Kakekku menggunakan tenaga terakhirnya untuk melindungiku. Dia menggunakan badan lemahnya itu segera menutupi badanku dan menerima tusukan pedang tajam pembunuh itu.

"Tidak… tidak… kakek… kakek… Aaaaaa kakekkkk….." ucapku tidak percaya akan kenyataan ini.

"Angelaaa… hidup… hiduplah… bahagia…-------" ucap kakek dengan suara bergemetaran dan sudah tak tahan lagi kemudian berhenti bernafas.

Aku berteriak kencang memanggilnya…. "Tidak… kakek… jangan tinggalkan aku… jangan… jangan… kakek…hikss… kakek… "

"Jangan khawatir, kamu akan menyusulnya sebentar lagi" ucap pembunuh itu yang bersiap melakukan serangan selanjutnya.

Akan tetapi terdengar suara tusukan dari belakang yang menembus pembunuh itu.
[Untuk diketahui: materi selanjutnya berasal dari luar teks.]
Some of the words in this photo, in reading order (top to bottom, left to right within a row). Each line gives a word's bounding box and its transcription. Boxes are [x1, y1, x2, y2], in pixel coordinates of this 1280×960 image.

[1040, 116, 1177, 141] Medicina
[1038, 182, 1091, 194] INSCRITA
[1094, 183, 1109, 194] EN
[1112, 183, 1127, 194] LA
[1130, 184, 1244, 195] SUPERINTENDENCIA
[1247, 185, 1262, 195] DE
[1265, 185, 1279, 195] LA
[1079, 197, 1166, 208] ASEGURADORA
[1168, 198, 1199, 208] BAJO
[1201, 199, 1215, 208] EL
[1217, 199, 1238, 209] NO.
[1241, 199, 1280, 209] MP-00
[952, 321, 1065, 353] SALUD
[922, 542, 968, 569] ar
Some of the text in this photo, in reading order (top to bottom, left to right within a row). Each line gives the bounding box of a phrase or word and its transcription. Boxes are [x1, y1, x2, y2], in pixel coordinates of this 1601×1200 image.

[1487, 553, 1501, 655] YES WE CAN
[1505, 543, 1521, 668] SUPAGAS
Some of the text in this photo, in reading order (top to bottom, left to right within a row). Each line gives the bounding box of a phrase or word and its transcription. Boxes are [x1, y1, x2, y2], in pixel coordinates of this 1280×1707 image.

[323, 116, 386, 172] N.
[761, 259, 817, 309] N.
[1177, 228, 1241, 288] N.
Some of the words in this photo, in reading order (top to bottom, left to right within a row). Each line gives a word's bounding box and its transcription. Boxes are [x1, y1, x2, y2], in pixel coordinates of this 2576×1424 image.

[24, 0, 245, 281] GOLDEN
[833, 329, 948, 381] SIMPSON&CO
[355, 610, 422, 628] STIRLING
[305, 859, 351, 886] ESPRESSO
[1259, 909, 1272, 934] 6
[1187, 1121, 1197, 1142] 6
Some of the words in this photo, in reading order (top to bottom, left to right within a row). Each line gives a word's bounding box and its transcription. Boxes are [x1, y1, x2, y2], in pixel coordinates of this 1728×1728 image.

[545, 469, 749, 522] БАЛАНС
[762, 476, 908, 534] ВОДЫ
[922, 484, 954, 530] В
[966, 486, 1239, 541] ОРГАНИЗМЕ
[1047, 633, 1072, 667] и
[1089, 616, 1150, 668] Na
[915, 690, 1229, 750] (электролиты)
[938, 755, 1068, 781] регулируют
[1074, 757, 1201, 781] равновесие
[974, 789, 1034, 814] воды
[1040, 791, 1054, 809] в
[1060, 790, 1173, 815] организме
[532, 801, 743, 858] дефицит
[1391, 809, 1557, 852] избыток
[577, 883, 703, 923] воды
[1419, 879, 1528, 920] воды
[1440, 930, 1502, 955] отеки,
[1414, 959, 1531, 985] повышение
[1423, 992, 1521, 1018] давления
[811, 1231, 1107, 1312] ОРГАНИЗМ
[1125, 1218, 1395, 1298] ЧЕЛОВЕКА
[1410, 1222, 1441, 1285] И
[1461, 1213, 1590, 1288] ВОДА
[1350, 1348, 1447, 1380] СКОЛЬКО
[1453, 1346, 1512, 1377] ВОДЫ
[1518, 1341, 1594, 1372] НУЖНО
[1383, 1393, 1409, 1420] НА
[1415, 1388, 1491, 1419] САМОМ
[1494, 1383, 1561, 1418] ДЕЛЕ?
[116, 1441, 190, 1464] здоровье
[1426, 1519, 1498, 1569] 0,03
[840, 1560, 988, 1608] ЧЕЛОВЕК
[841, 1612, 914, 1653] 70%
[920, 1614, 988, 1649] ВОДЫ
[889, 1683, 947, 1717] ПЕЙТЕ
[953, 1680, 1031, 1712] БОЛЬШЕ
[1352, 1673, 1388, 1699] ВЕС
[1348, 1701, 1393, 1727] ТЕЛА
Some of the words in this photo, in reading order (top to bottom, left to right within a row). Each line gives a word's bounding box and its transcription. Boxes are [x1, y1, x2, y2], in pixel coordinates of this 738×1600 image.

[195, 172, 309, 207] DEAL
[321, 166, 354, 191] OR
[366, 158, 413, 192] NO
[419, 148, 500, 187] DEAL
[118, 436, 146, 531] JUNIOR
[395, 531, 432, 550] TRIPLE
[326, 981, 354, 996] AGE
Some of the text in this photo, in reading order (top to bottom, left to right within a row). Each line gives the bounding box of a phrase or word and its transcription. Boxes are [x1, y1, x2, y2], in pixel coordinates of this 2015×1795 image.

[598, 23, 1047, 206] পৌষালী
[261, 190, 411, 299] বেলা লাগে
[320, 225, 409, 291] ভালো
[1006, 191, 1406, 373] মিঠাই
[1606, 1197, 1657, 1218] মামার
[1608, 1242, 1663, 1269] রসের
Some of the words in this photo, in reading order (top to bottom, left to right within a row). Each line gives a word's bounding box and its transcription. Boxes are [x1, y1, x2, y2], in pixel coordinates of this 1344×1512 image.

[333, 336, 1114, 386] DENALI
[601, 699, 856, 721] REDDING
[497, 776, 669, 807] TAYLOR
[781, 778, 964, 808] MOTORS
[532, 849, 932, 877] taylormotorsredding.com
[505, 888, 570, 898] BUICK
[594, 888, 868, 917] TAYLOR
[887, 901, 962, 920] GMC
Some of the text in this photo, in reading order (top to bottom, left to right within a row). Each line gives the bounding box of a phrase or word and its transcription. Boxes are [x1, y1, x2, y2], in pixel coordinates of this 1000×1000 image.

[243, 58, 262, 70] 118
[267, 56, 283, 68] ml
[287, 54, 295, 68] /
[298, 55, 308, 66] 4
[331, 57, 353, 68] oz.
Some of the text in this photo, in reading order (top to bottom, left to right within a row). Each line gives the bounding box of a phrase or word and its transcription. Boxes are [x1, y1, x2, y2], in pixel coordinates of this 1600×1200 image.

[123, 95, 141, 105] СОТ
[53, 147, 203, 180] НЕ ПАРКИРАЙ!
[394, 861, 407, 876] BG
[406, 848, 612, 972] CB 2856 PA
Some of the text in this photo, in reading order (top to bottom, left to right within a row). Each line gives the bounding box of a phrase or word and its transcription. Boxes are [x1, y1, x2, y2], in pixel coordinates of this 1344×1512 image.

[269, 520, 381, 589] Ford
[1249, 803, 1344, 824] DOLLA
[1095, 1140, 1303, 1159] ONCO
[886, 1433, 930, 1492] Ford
Gadis malang tadi mengambil pedang ksatria yang sudah meninggal, berlari ke arah pembunuh itu dan membunuhnya. Tak hanya sekali menusuknya, tetapi berkali-kali. Aku hanya melihat sekilas kejadian itu karena aku juga sudah tidak kuat lagi. Aku menutup mataku berpikir bahwa kakekku meninggalkanku, aku juga akan ikut bersama dengannya. Aku akan menemaninya agar dia tidak kesepian, aku akan selalu bersamanya.